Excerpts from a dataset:

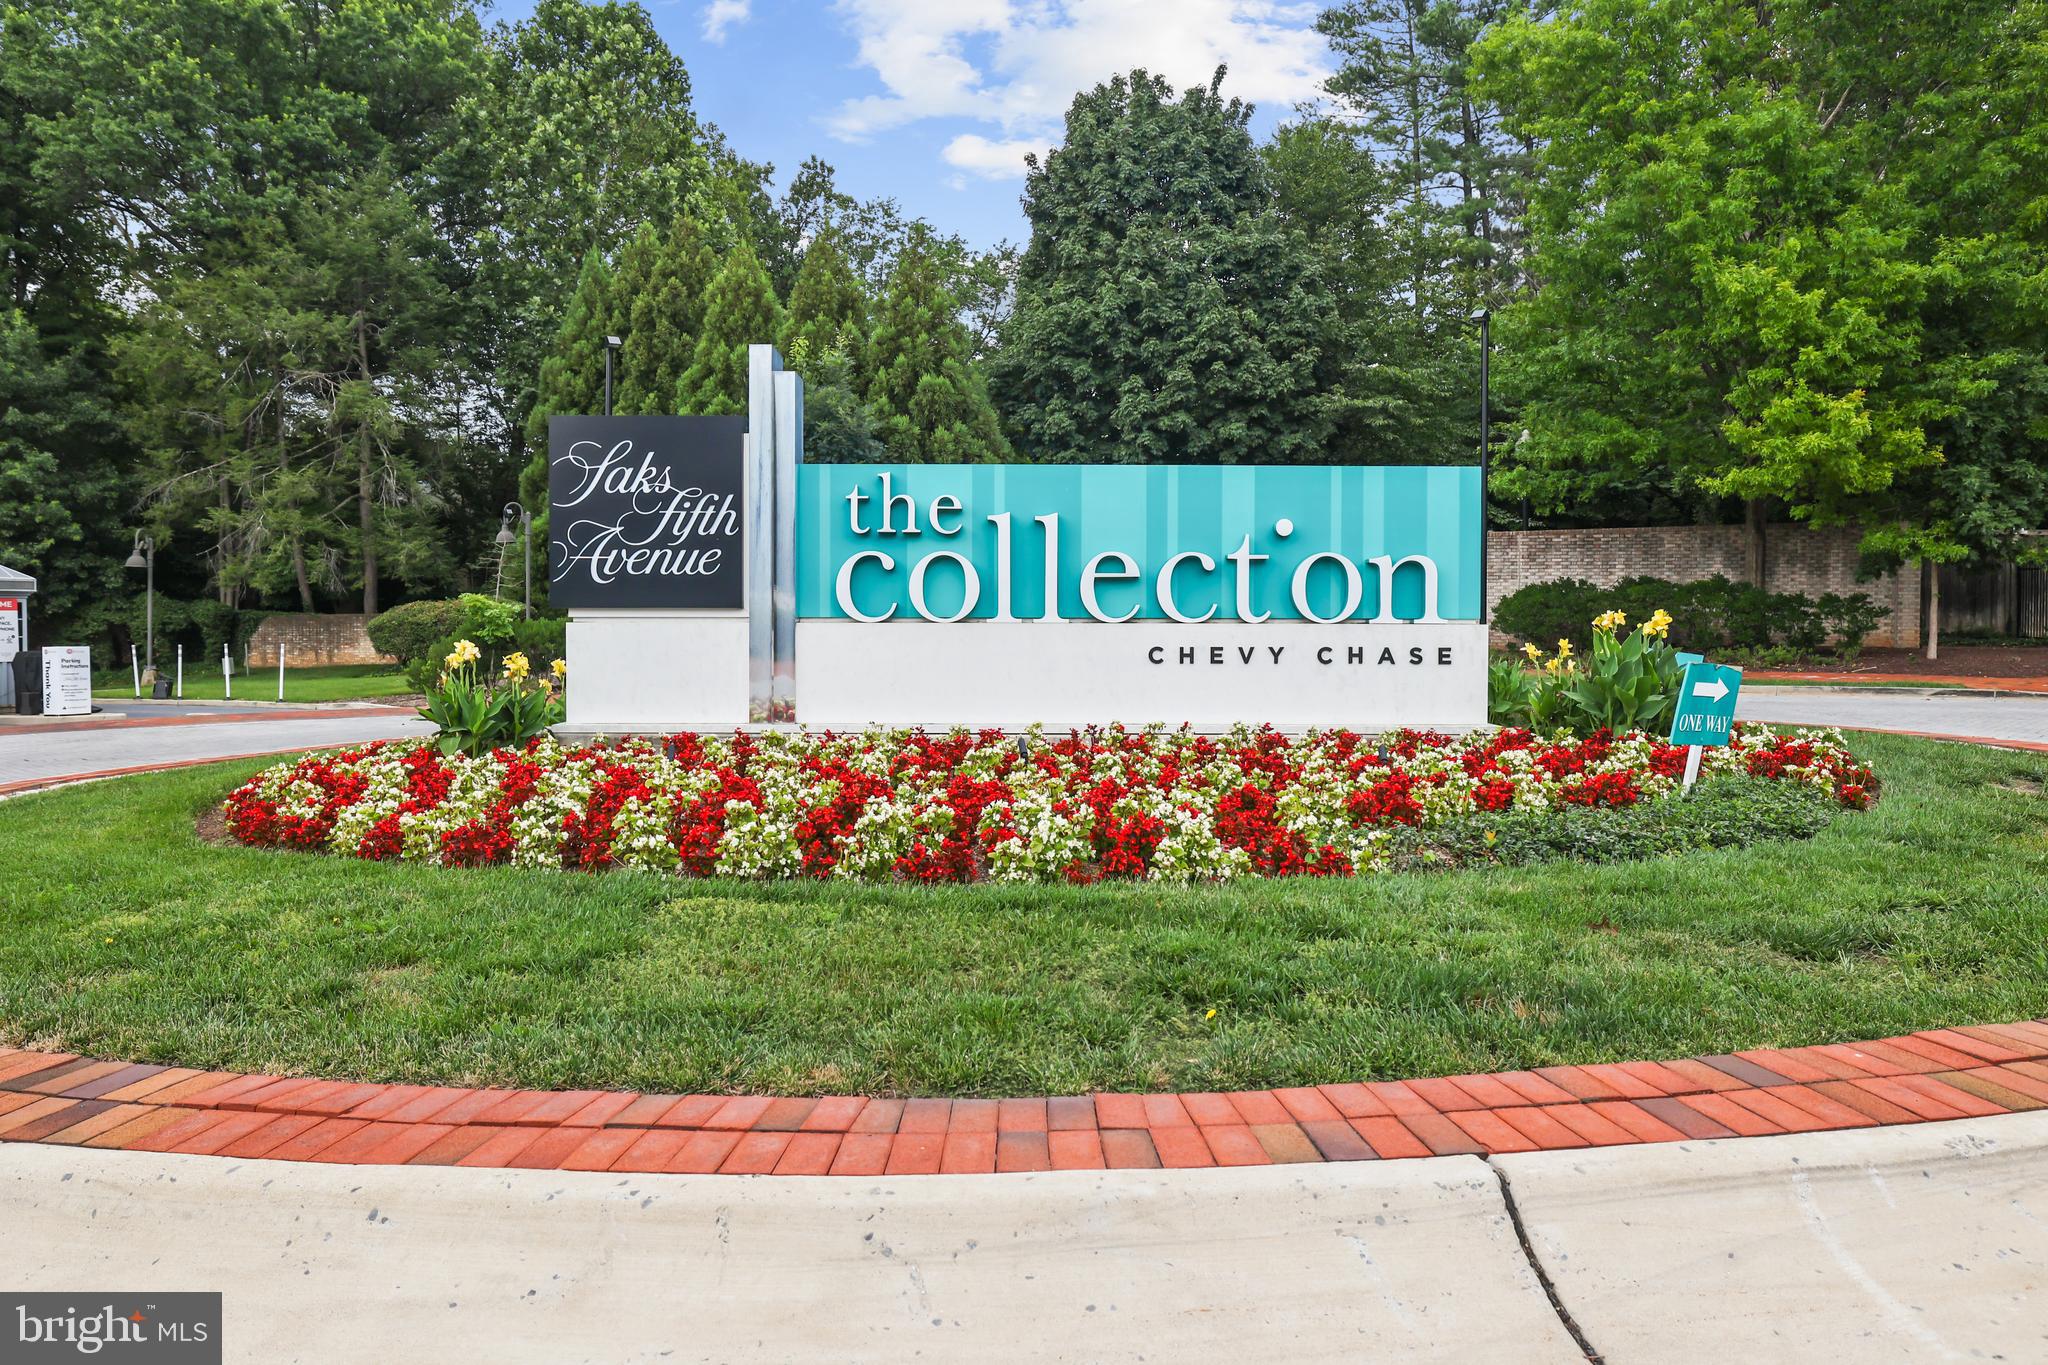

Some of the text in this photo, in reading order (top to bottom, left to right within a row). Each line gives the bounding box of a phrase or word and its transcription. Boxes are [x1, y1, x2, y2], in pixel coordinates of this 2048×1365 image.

[553, 440, 672, 507] Saks
[845, 471, 964, 536] the
[553, 520, 721, 584] Avenue
[1147, 646, 1454, 666] CHEVY CHASE
[1679, 713, 1730, 733] ONE WAY
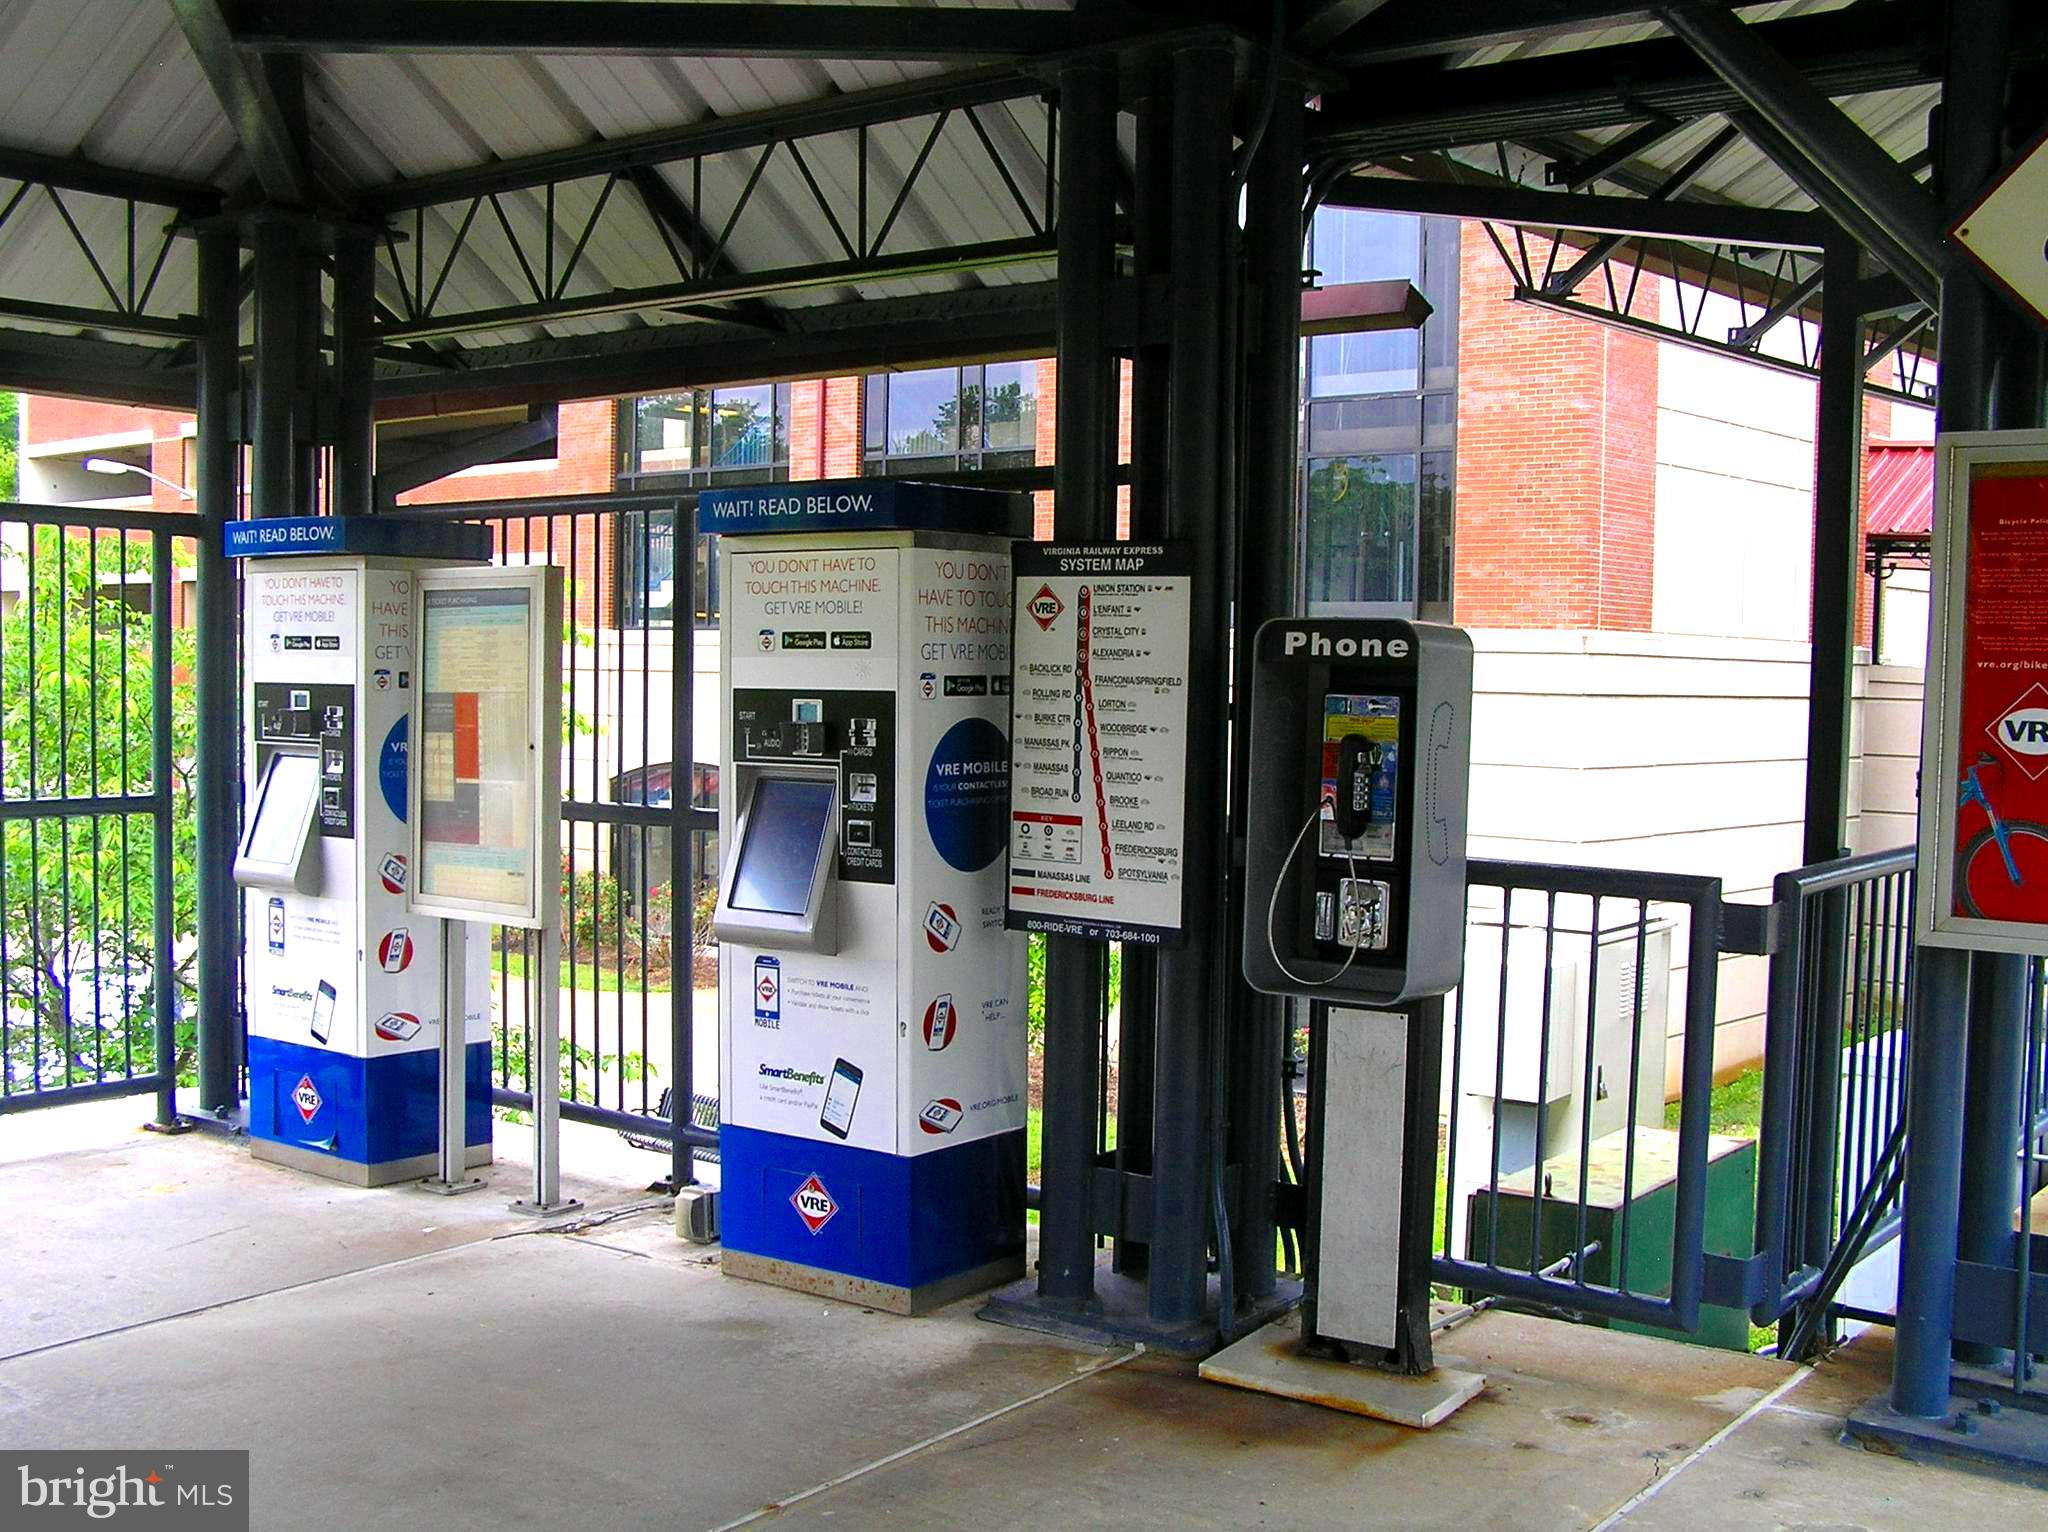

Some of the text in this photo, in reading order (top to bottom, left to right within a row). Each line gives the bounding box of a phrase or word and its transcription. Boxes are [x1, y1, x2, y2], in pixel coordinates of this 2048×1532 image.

_PROBLEM REQUIREMENTS_. Write out the entries above in full and exactly; no pictures.

_RESULT_.
Some of the text in this photo, in reading order (top to bottom, left to right within a row). Each line gives the bounding box of a phrase or word and its transcription. Boxes are [x1, y1, x2, y2], in pixel coordinates of this 2048×1365 image.

[553, 440, 672, 507] Saks
[845, 471, 964, 536] the
[553, 520, 721, 584] Avenue
[1147, 646, 1454, 666] CHEVY CHASE
[1679, 713, 1730, 733] ONE WAY

Some of the text in this photo, in reading order (top to bottom, left to right within a row). Each line gives the bounding box of a phrase or word and its transcription. Boxes are [x1, y1, x2, y2], in pixel coordinates of this 2048×1532 image.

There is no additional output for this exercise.